51,654 posts, read 25,828,130 times
Reputation: 37894
Quote:
Originally Posted by robocall View Post
No contact? That has not been a claim the stepfather made; in his first two posts he contradicted himself by claiming both that the father "has a reputation for just showing up unannounced" and also that he "suddenly decided to want to show up after being gone 5+ years." You can't have it both ways.

He has also claimed it is his home when he doesn't live there and first the son was described as "Basically he's a ten year old living in a grown up's body" but when questioned about leaving such a person alone changed it to "He is a higher functioning disabled adult and we purchased the property because he has a good track record of being independent." Again, it can't be both.

It appears it's easy for you to reach your own conclusions because you bring your own set of facts, hopefully yours are more consistent than the stepfather's.

Inconsistency raises far more flags than empty claims from a person who will not answer basic questions that could clarify the matter - like what the mother and son think of the situation.
Thank you for this glimpse into how your mind works.

Not sure where you get the idea that there is any contradiction between "has a reputation for just showing up unannounced" and "suddenly decided to show up after being gone 5+ years."

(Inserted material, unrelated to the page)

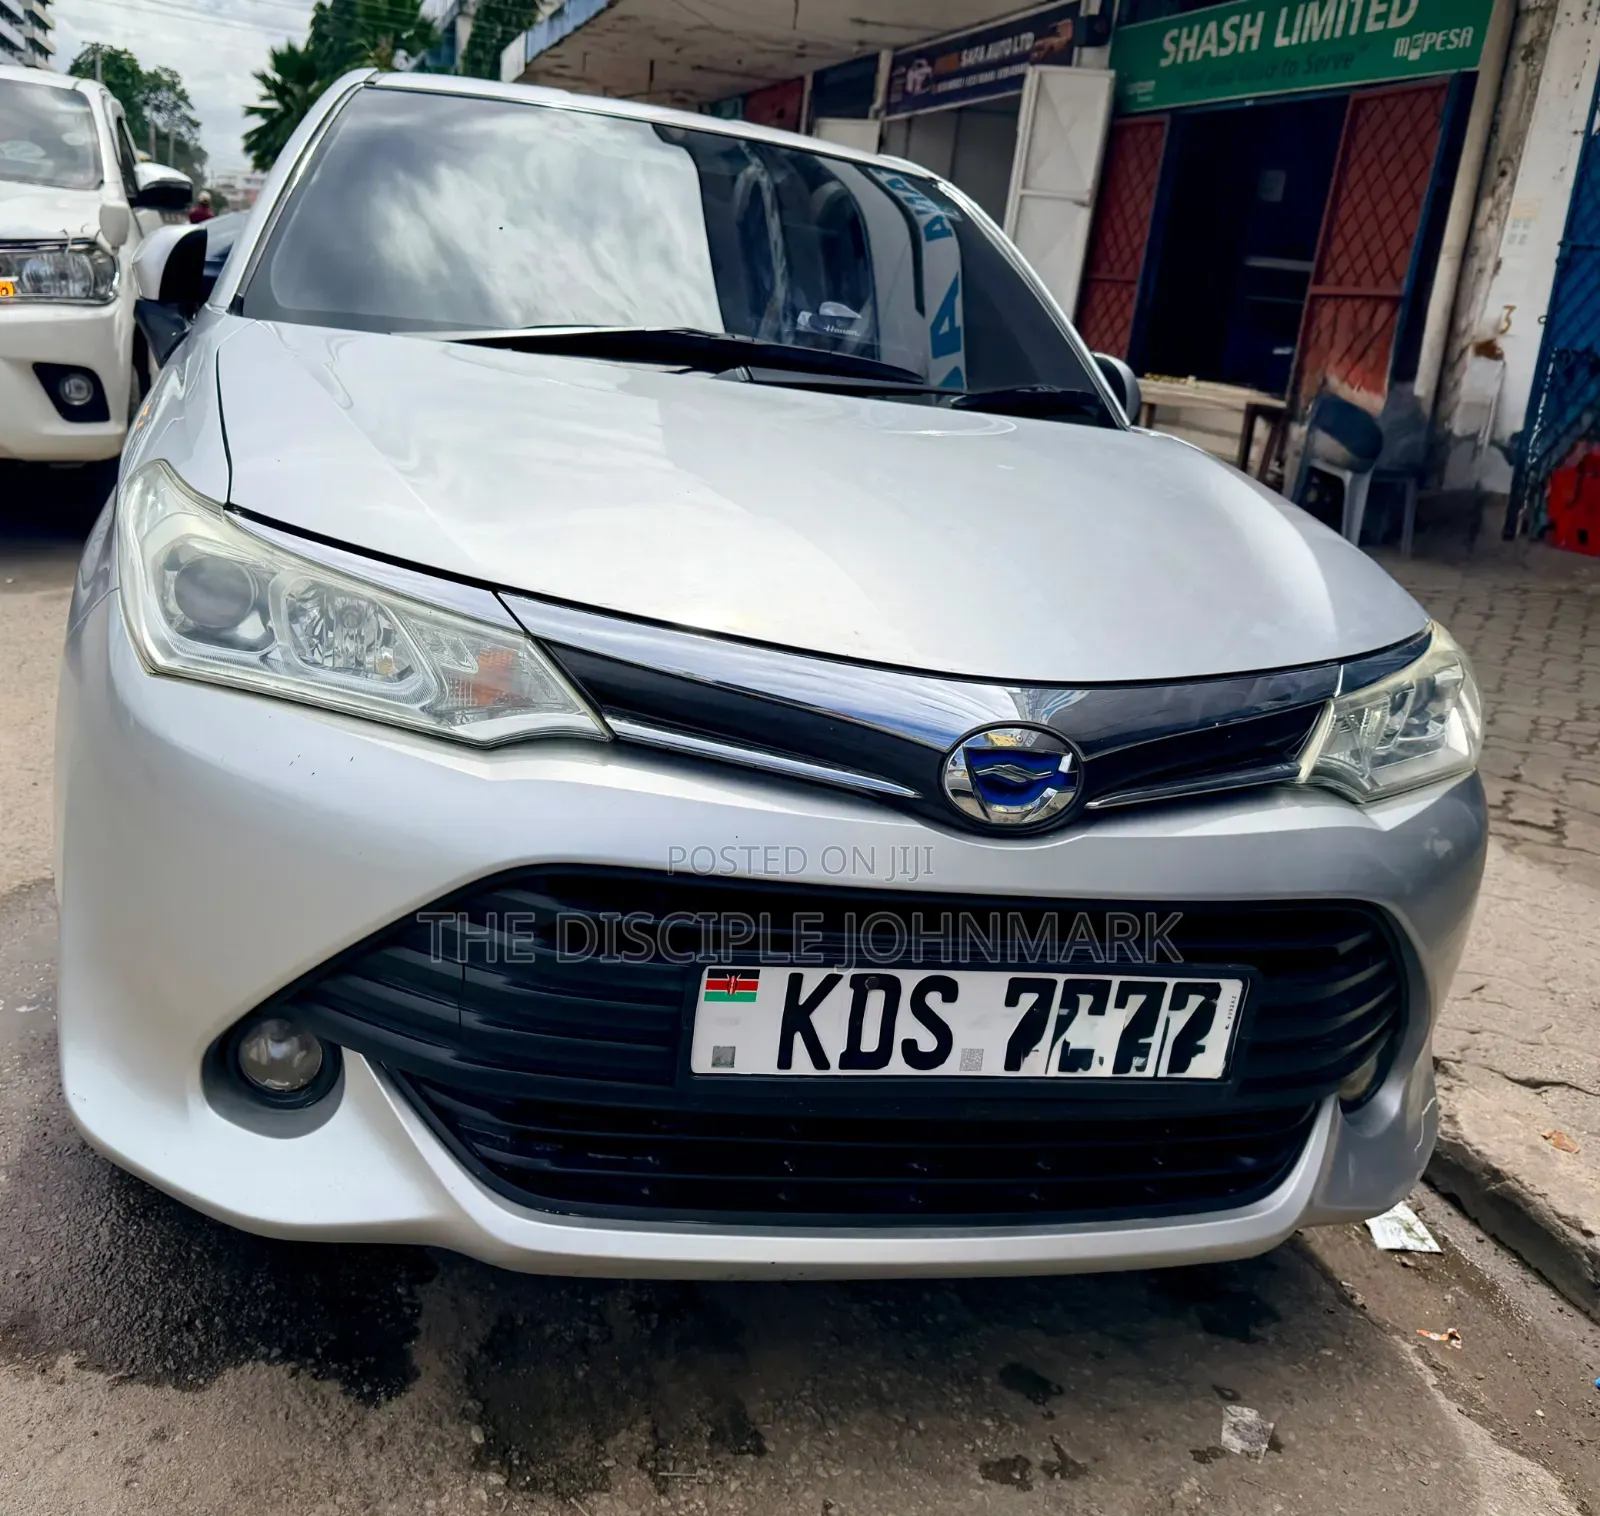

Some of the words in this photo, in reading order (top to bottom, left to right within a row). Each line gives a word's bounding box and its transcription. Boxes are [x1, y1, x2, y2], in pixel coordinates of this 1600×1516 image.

[1160, 11, 1265, 68] SHASH
[1274, 0, 1420, 48] LIMITED
[777, 972, 959, 1070] KDS
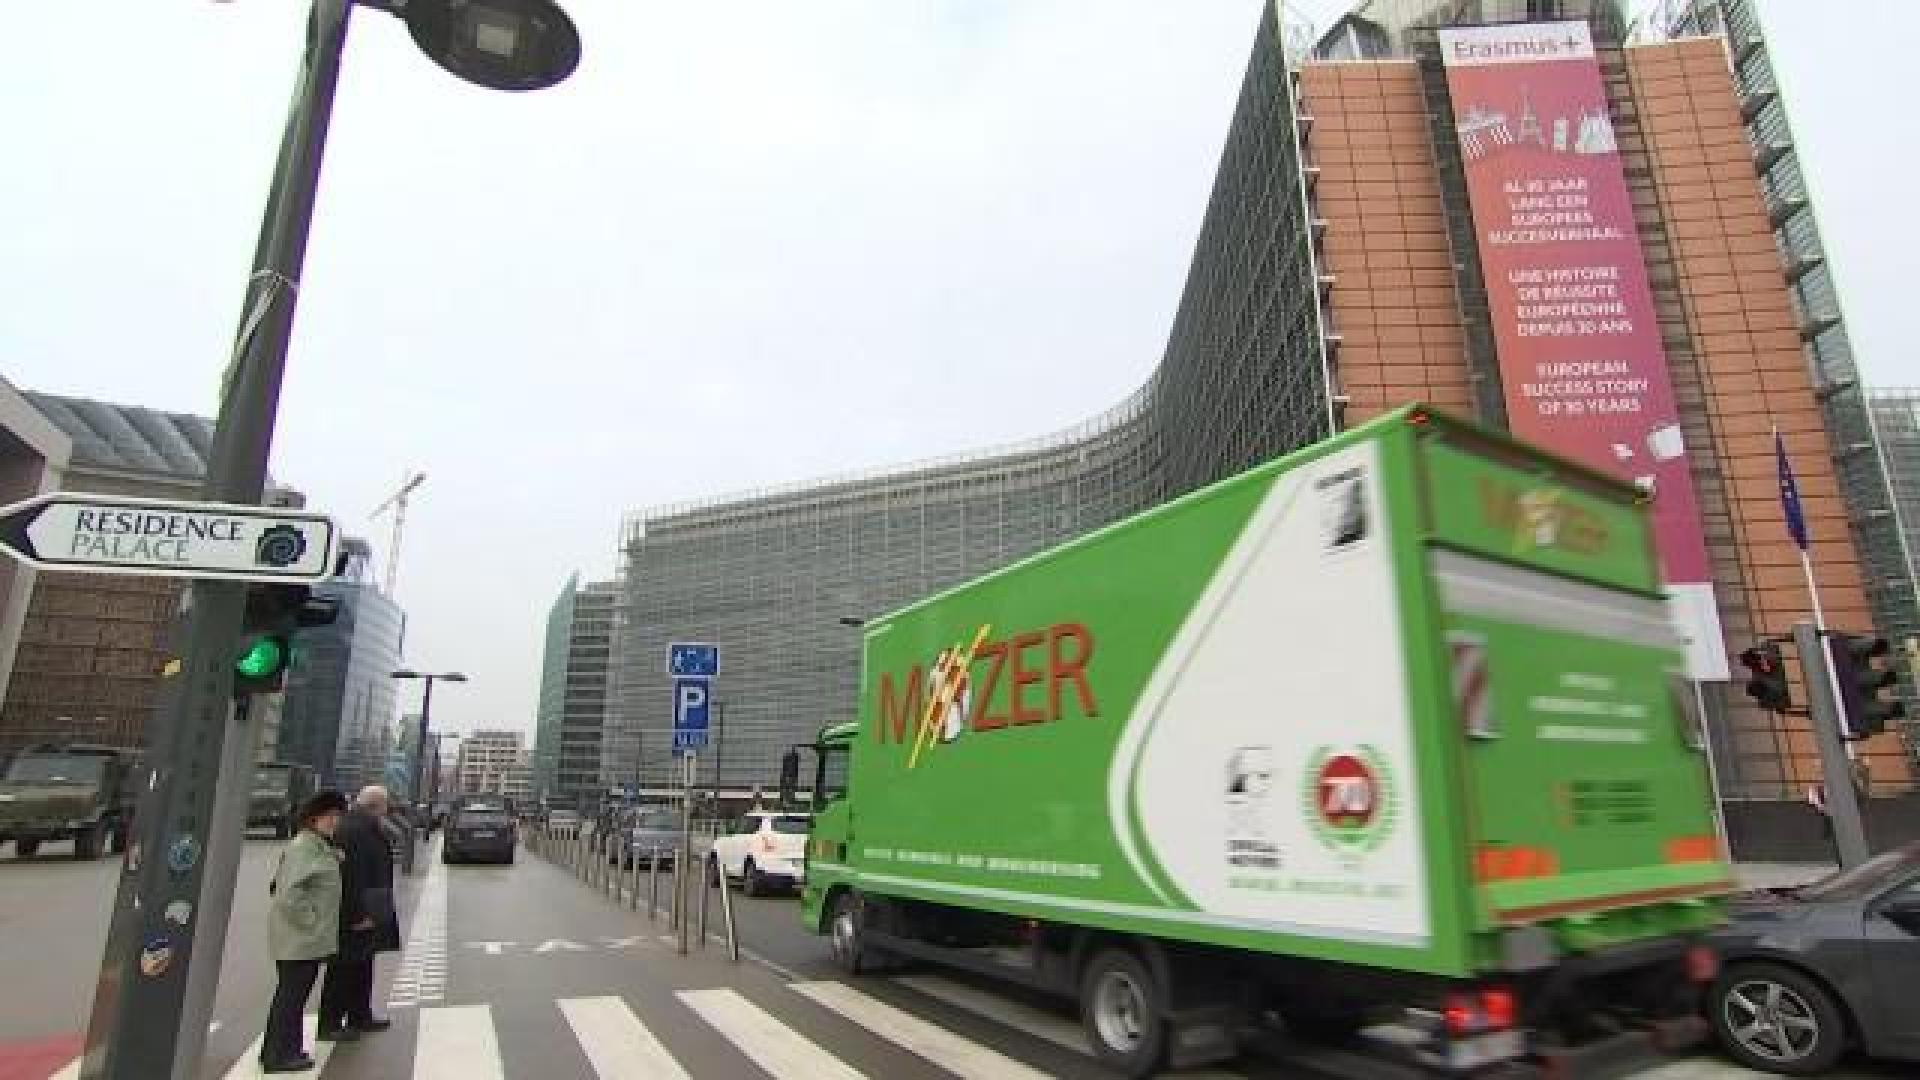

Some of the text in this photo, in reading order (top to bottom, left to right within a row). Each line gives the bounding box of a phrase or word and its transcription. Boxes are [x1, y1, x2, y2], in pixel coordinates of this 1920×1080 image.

He certainly could have popped up for unannounced, unscheduled visits while the OP/wife were raising the son and then no visits, announced or otherwise, the past 5+ years.

As to your not understanding how a person operating at a 10 year-old cognitive level could live on his own, you should expand your understanding of people with disabilities. All sorts of people with similar cognitive challenges live independently. They require support, regular check-ins, budget management, ... but unless their behavior is such that they require the more constant supervision of a group setting, they live on their own in apartments all over the place.

Think about it. 10 year olds can read at a third or fourth grade level, do basic math, cook straightforward meals, keep their place clean, do repetitive tasks such as cleaning,

But they haven't developed the reasoning skills to deal with more complicated situations, such as dealing with moochers and/or scam artists. The way this deed is set up, makes the son a target for those who prey on the vulnerable.

As to what the mother and son think of the situation, head on over to the relationship forum with that. This is real estate. The OP wanted to know what he could do to prevent an unwanted guest from moving into a house he has a major financial stake in.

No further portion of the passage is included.